During the Supreme Court hearing on vaccine/testing mandates, Justice Sotomayor stunned listeners when she said, “We have hospitals that are almost at full capacity with people severely ill on ventilators. We have over 100,000 children, which we've never had before, in serious condition, many on ventilators.”
Nobody seems to know where she came up with that number, but the truth is certainly nowhere close to that many children hospitalized or in serious condition from COVID-19. I will show you how difficult it is to know the true number, but know that it is likely closer to 3,700 children. That’s a lot, and it is also not 100,000.
I do not mean to hint that pediatric COVID-19 cases are not rising or are unconcerning; they are both concerning and rising. But the exact number is elusive because states do not uniformly report the figures in a timely way. We can discern, as I will show you, that cases are rising, but the numbers are so fluid that journalists default to reporting the increase in pediatric COVID-19 hospitalizations as a percentage rather than a raw number. Or in some cases, journalists just repeat the descriptions from health officials who say the pediatric infections are “skyrocketing, exploding, climbing and filling pediatric ICUs.”
To complicate matters, some states stopped reporting demographics, many states report age groups differently and data is woefully slow to arrive.
Percentages are not terribly useful when the baseline number is small and a small number is added to it. (If you start with one case and then another case comes in, you have a 100% increase, though you are not being overrun with new cases.)
We can get up-to-date data on how many COVID-19 cases are detected and, for certain, the number is rising. Right now, something close to one out of 10 children in the U.S. has tested positive for COVID-19 since the start of the pandemic, according to the American Academy of Pediatrics. But since children tend not to get severely ill from COVID-19, positive cases may not be the most important number, except that it might speak to the urgent need to safely vaccinate younger children.
The AAP says 0.1%-1.6% of children who test positive to COVID-19 require hospitalization. If that number holds through the omicron wave, then you could predict how many pediatric hospitalizations we might have from the number of positive cases, and the prediction is that it will rise.
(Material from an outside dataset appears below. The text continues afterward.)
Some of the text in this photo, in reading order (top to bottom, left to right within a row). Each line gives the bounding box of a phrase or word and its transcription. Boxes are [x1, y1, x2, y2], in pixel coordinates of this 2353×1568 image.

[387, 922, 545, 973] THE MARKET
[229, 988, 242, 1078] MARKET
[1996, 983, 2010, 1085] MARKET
The American Academy of Pediatrics says:
COVID-19 cases among US children have reached the highest case count ever reported since the start of the pandemic. For the week ending December 30th, over 325,000 child COVID-19 cases were reported. This number is a 64% increase over the 199,000 added cases reported the week ending December 23rd and an almost doubling of case counts from the two weeks prior.
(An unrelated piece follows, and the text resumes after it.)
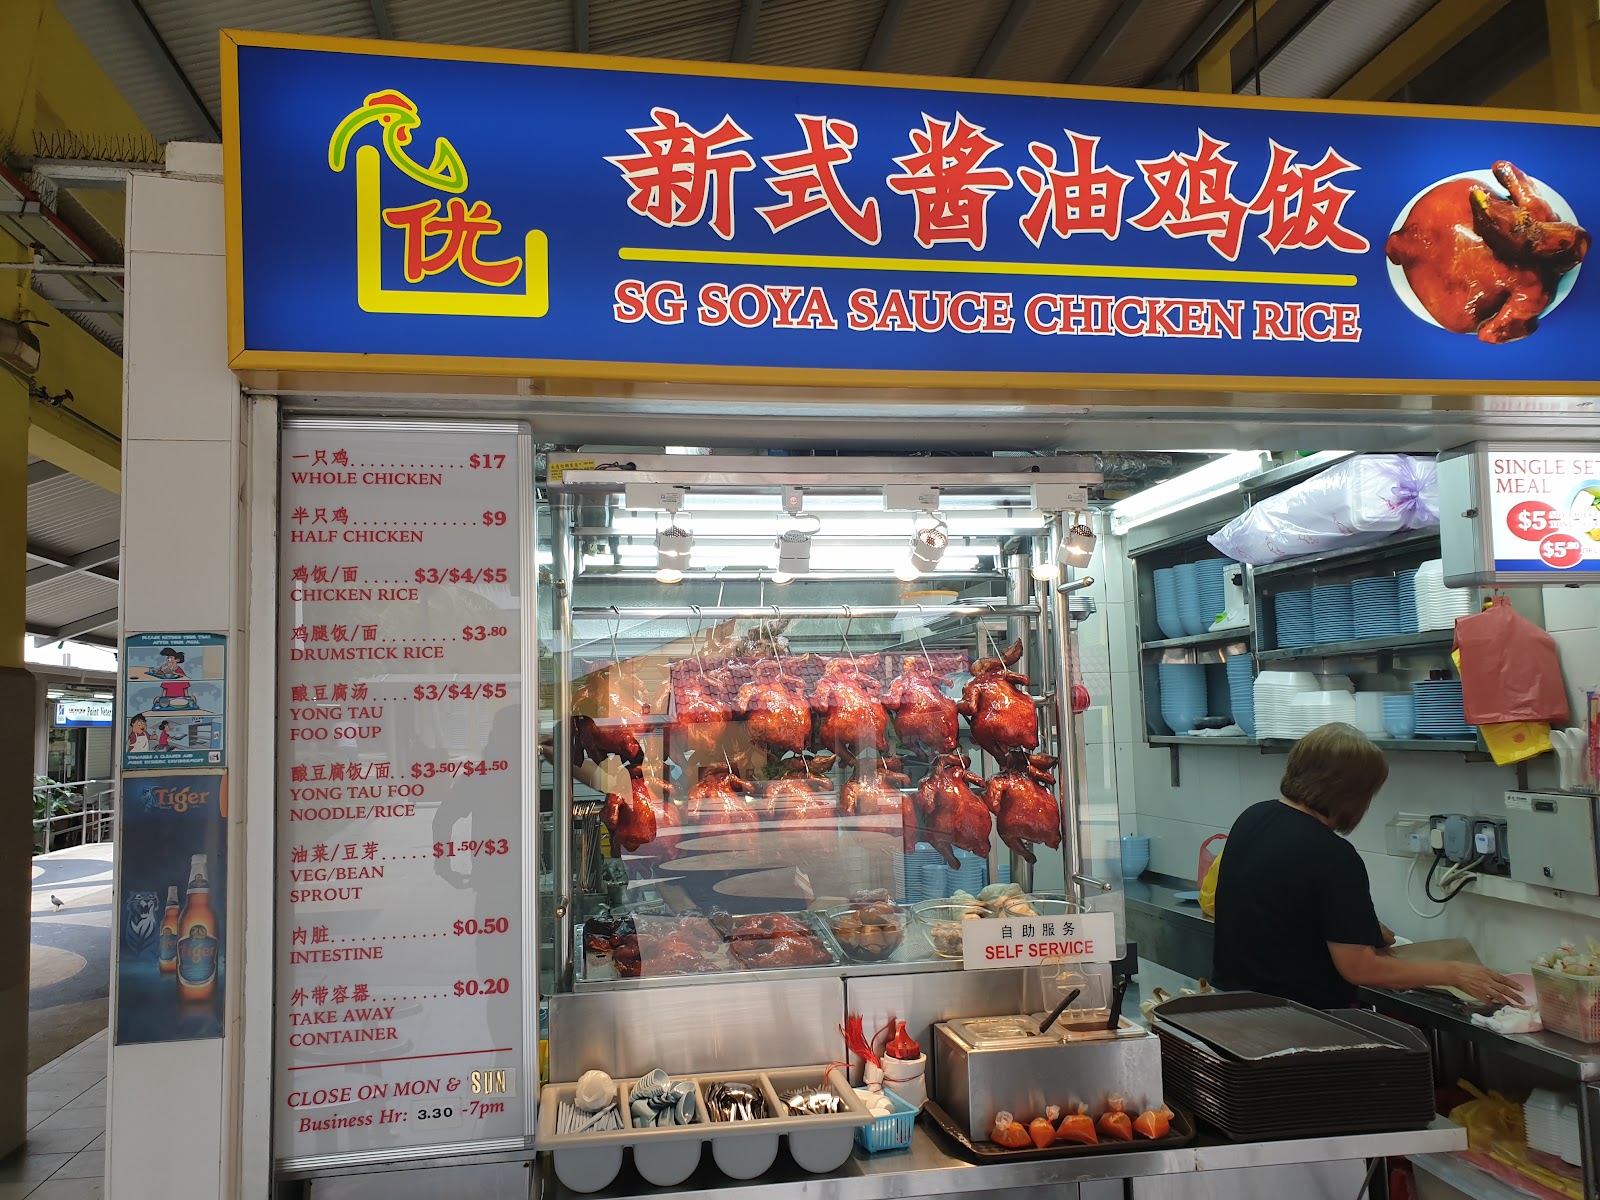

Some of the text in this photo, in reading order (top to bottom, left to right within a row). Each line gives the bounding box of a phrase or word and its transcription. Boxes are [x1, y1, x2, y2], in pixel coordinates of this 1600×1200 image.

The Associated Press expressed the rise in pediatric COVID-19 cases as a comparison of cases per population: “Since mid-December, with the highly contagious omicron variant spreading furiously around the country, the hospitalization rate in these youngest kids has surged to more than 4 in 100,000 children, up from 2.5 per 100,000.”
One problem is that states seem to report cases by different age groups. One state reports it as 0-4 years old, another 0-11. The Centers for Disease Control and Prevention’s figures are based on data from drawn from over 250 hospitals in 14 states. So, again, there is no solid national figure. Why?
On Jan. 3, admissions were running at around 1,354 per day, NBC News said. NBC News did its own analysis of the state-supplied data it could find and says nine states have reported record numbers of COVID-related pediatric hospitalizations: Connecticut, Georgia, Illinois, Kentucky, Massachusetts, Maine, Missouri, Ohio and Pennsylvania, as well as Washington, D.C.
To give you a sense of scale, Children's Hospital New Orleans said it had seen a spike in children who have COVID-19 and it is currently treating 14 children, three of them in intensive care. In the first week of January, Texas Children's Hospital in Houston counted close to 70 pediatric COVID-19 patients.